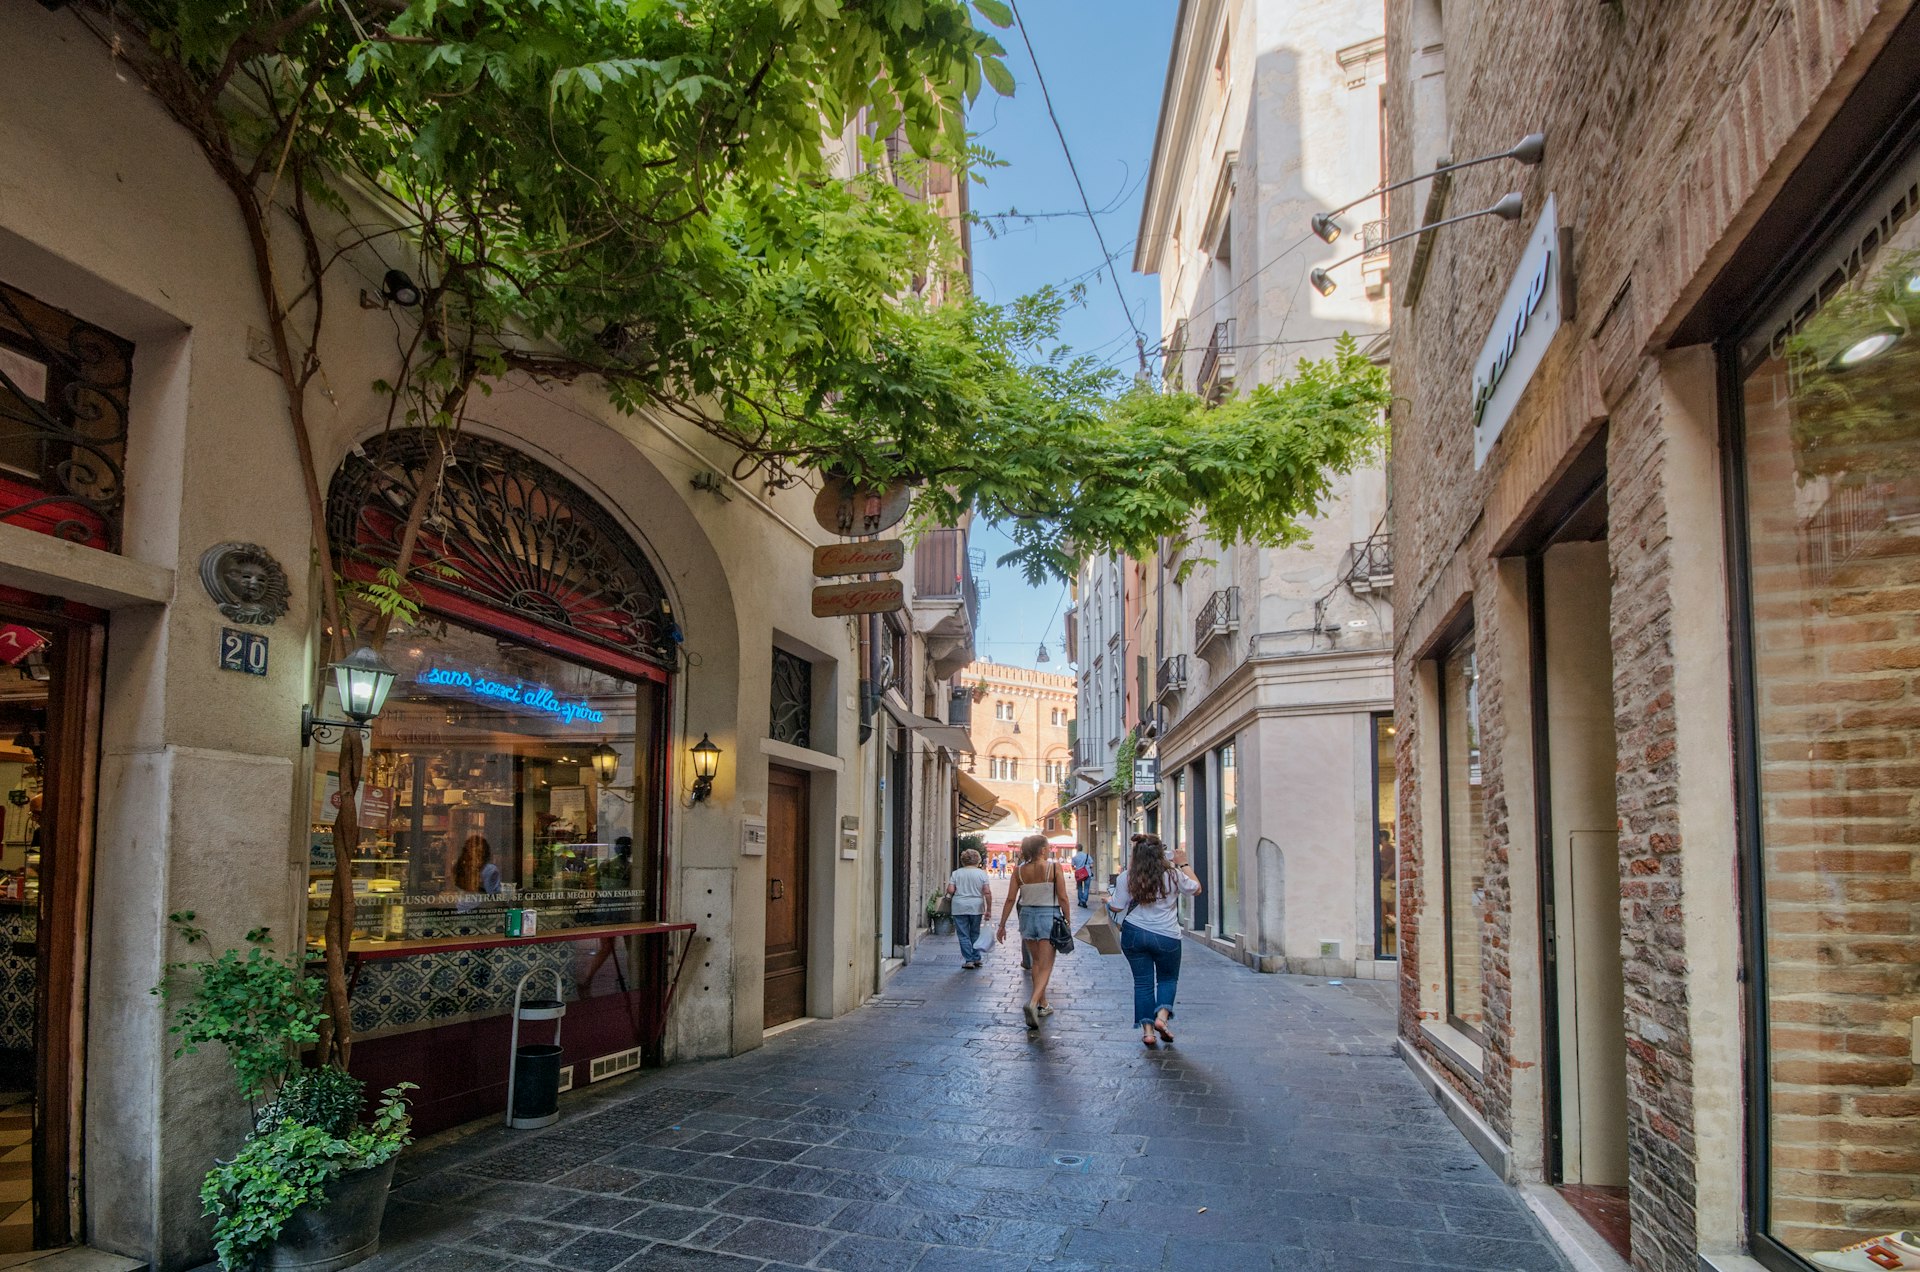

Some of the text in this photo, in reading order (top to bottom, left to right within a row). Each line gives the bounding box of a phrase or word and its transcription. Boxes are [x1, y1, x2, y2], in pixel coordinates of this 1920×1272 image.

[820, 549, 894, 567] Osteria
[225, 636, 266, 668] 20
[428, 667, 473, 687] sans
[524, 688, 562, 712] alla
[399, 894, 435, 905] LUSSO
[438, 893, 463, 904] NON
[512, 891, 523, 901] SE
[524, 891, 556, 901] CERCHI
[567, 890, 596, 900] MEGLIO
[597, 889, 614, 898] NON

### What the exercise asks
When you print the entries, keep every line exactly as it is and drop the pictures.

### Response to this exercise
Some of the text in this photo, in reading order (top to bottom, left to right within a row). Each line gives the bounding box of a phrase or word and its transcription. Boxes are [x1, y1, x2, y2], in pixel coordinates of this 1920×1272 image.

[820, 549, 894, 567] Osteria
[225, 636, 266, 668] 20
[428, 667, 473, 687] sans
[524, 688, 562, 712] alla
[399, 894, 435, 905] LUSSO
[438, 893, 463, 904] NON
[512, 891, 523, 901] SE
[524, 891, 556, 901] CERCHI
[567, 890, 596, 900] MEGLIO
[597, 889, 614, 898] NON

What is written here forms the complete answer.